Work to be completed:
The result should be an exact copy of the lines from the one with "Some of the words" through the last line of the data below, both included.

Provided records:
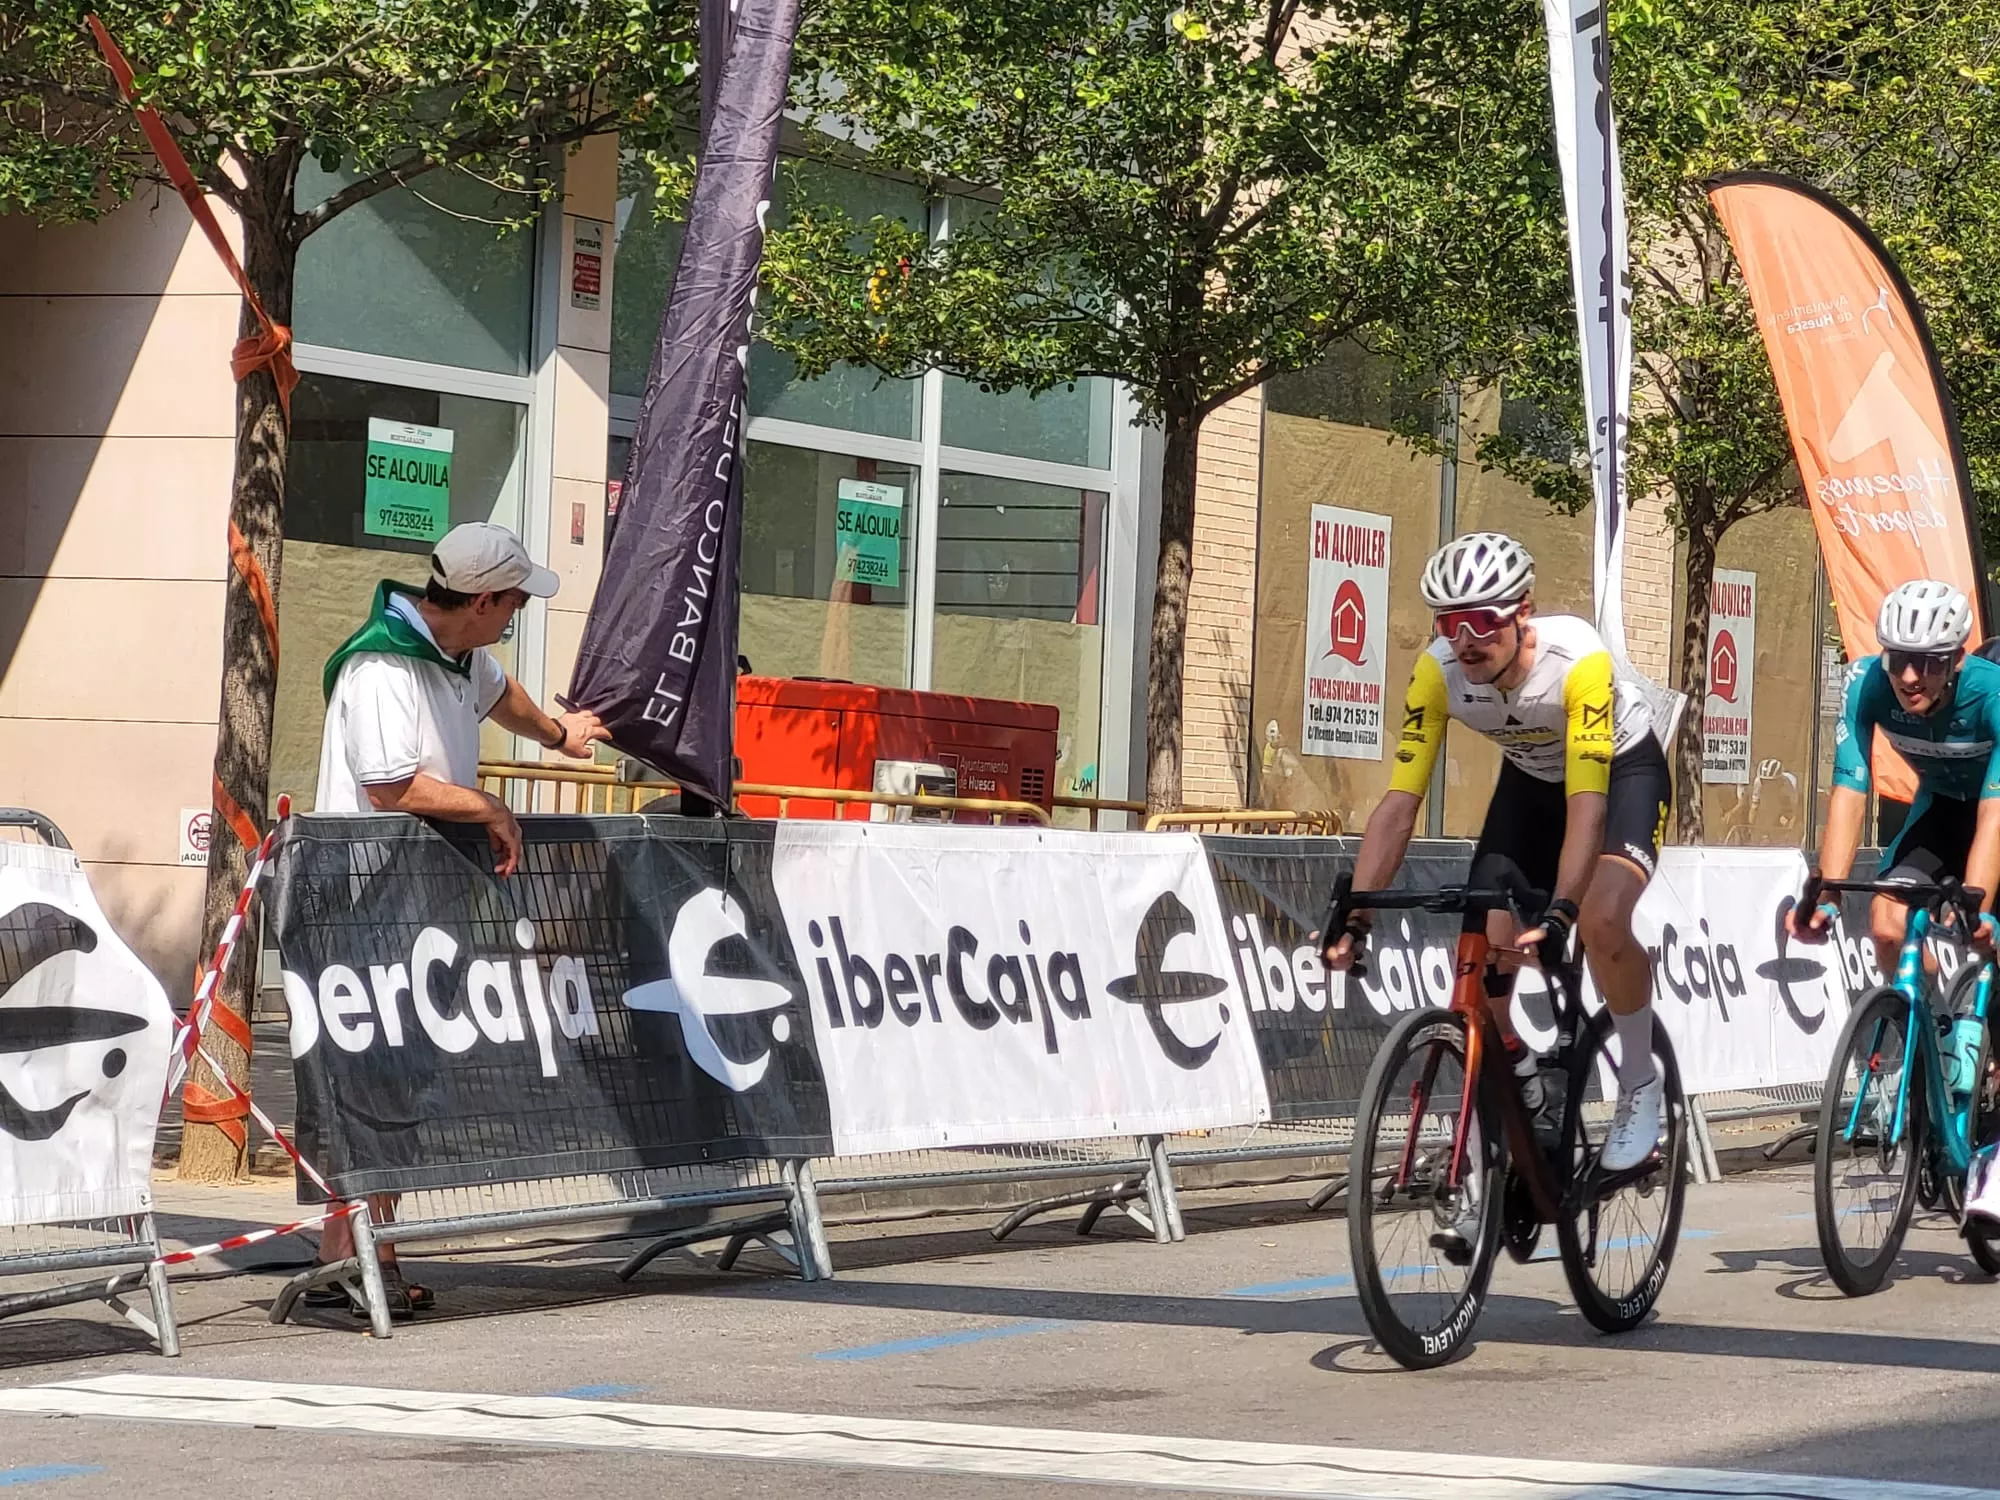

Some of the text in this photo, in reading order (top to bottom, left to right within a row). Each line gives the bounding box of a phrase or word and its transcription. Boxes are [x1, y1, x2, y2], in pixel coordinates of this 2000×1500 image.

[367, 454, 449, 489] SE ALQUILA
[379, 508, 434, 532] 974238244
[837, 510, 900, 538] SE ALQUILA
[1314, 519, 1385, 569] EN ALQUILER
[1711, 581, 1752, 619] ALQUILER
[1309, 677, 1380, 705] FINCASVICAM.COM
[1309, 704, 1379, 727] Tel. 974 21 53 31
[959, 757, 1009, 774] Ayuntamiento
[968, 775, 996, 792] Huesca
[808, 915, 1091, 1055] iberCaja
[1617, 1292, 1646, 1320] LEVEL
[1420, 1292, 1477, 1355] HIGH LEVEL
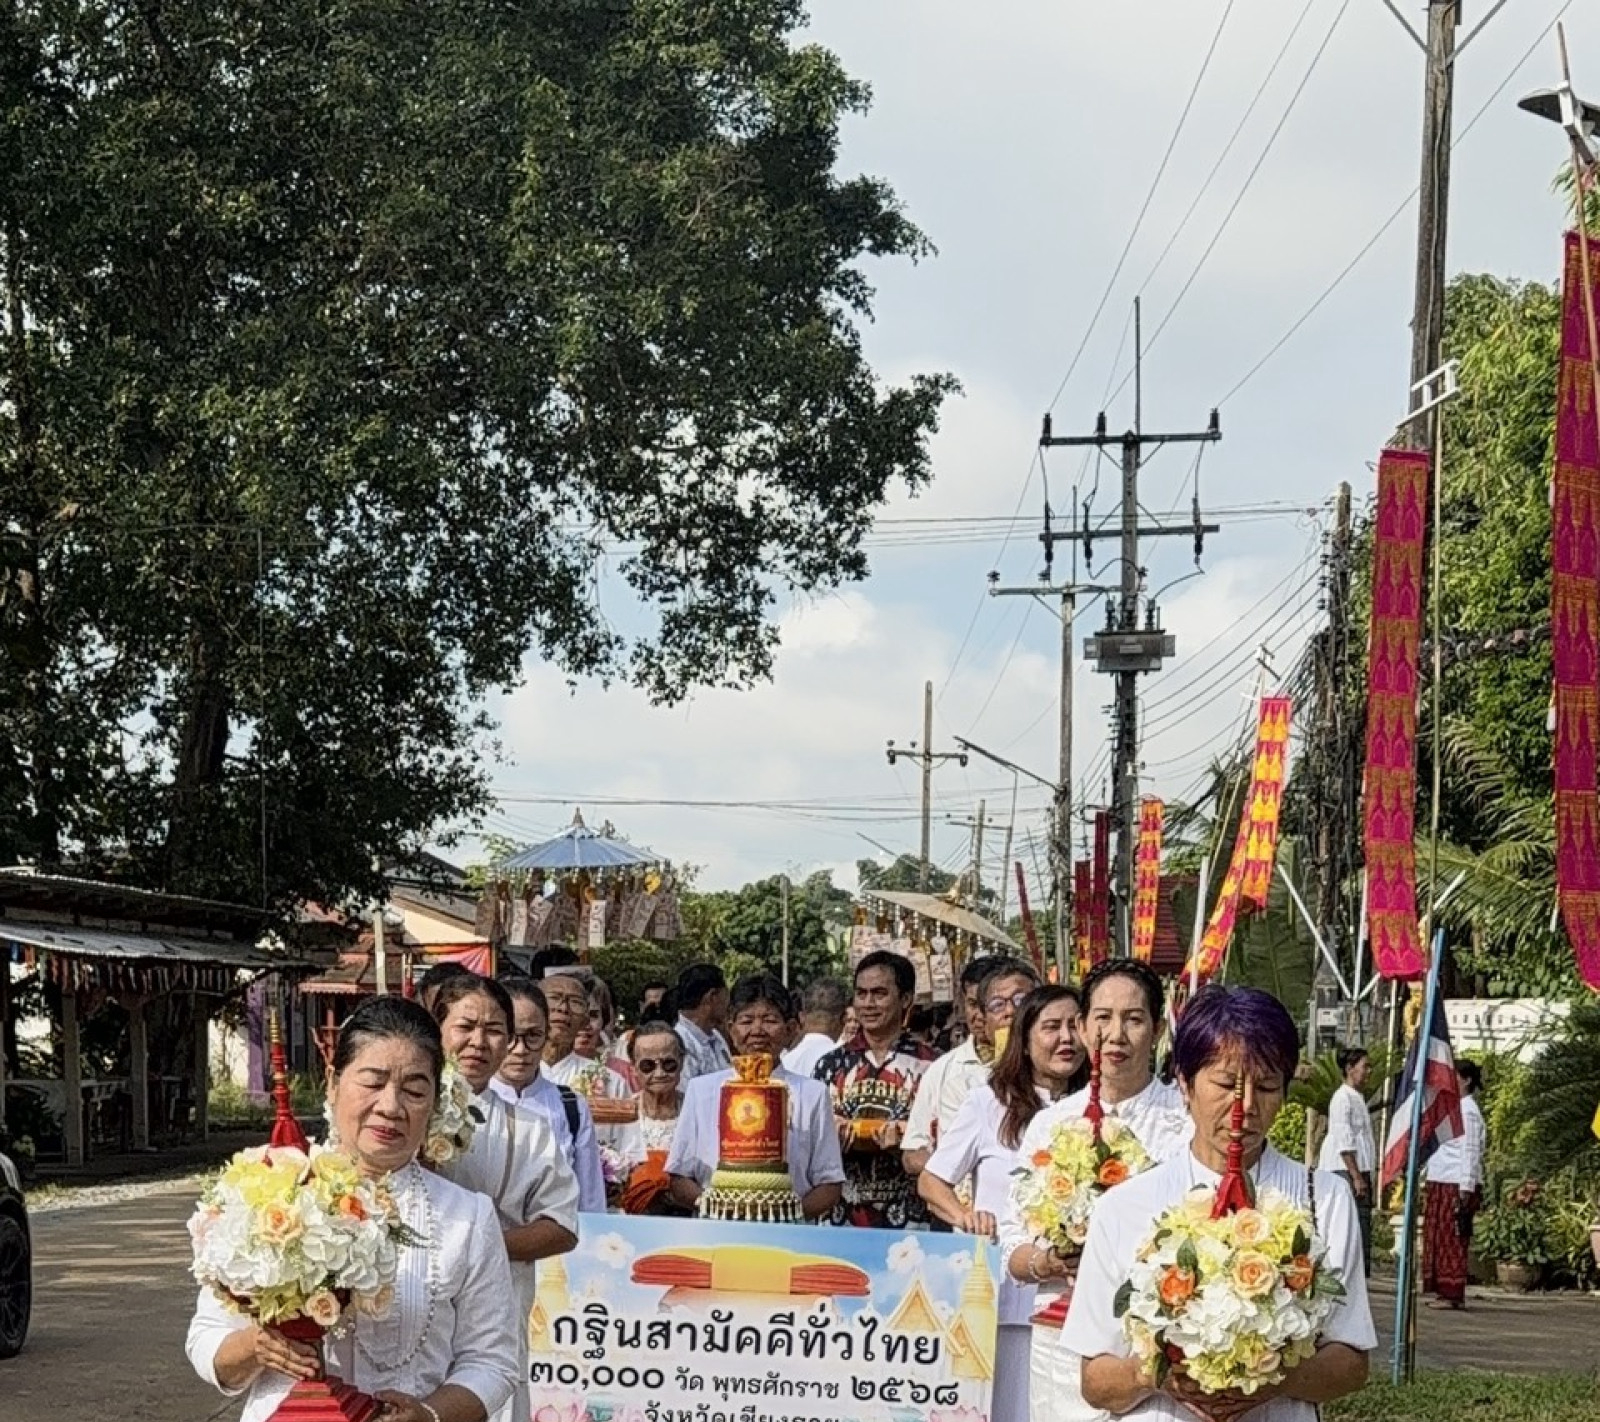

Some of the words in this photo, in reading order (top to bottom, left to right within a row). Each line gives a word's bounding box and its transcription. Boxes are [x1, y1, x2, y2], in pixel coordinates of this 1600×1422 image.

[553, 1303, 940, 1365] กฐินสามัคคีทั่วไทย
[530, 1361, 665, 1391] ๓๐,๐๐๐
[675, 1366, 704, 1391] วัด
[712, 1371, 839, 1402] พุทธศักราช
[851, 1375, 959, 1405] ๒๕๖๘

Answer section:
Some of the words in this photo, in reading order (top to bottom, left to right within a row). Each line gives a word's bounding box and its transcription. Boxes are [x1, y1, x2, y2], in pixel coordinates of this 1600×1422 image.

[553, 1303, 940, 1365] กฐินสามัคคีทั่วไทย
[530, 1361, 665, 1391] ๓๐,๐๐๐
[675, 1366, 704, 1391] วัด
[712, 1371, 839, 1402] พุทธศักราช
[851, 1375, 959, 1405] ๒๕๖๘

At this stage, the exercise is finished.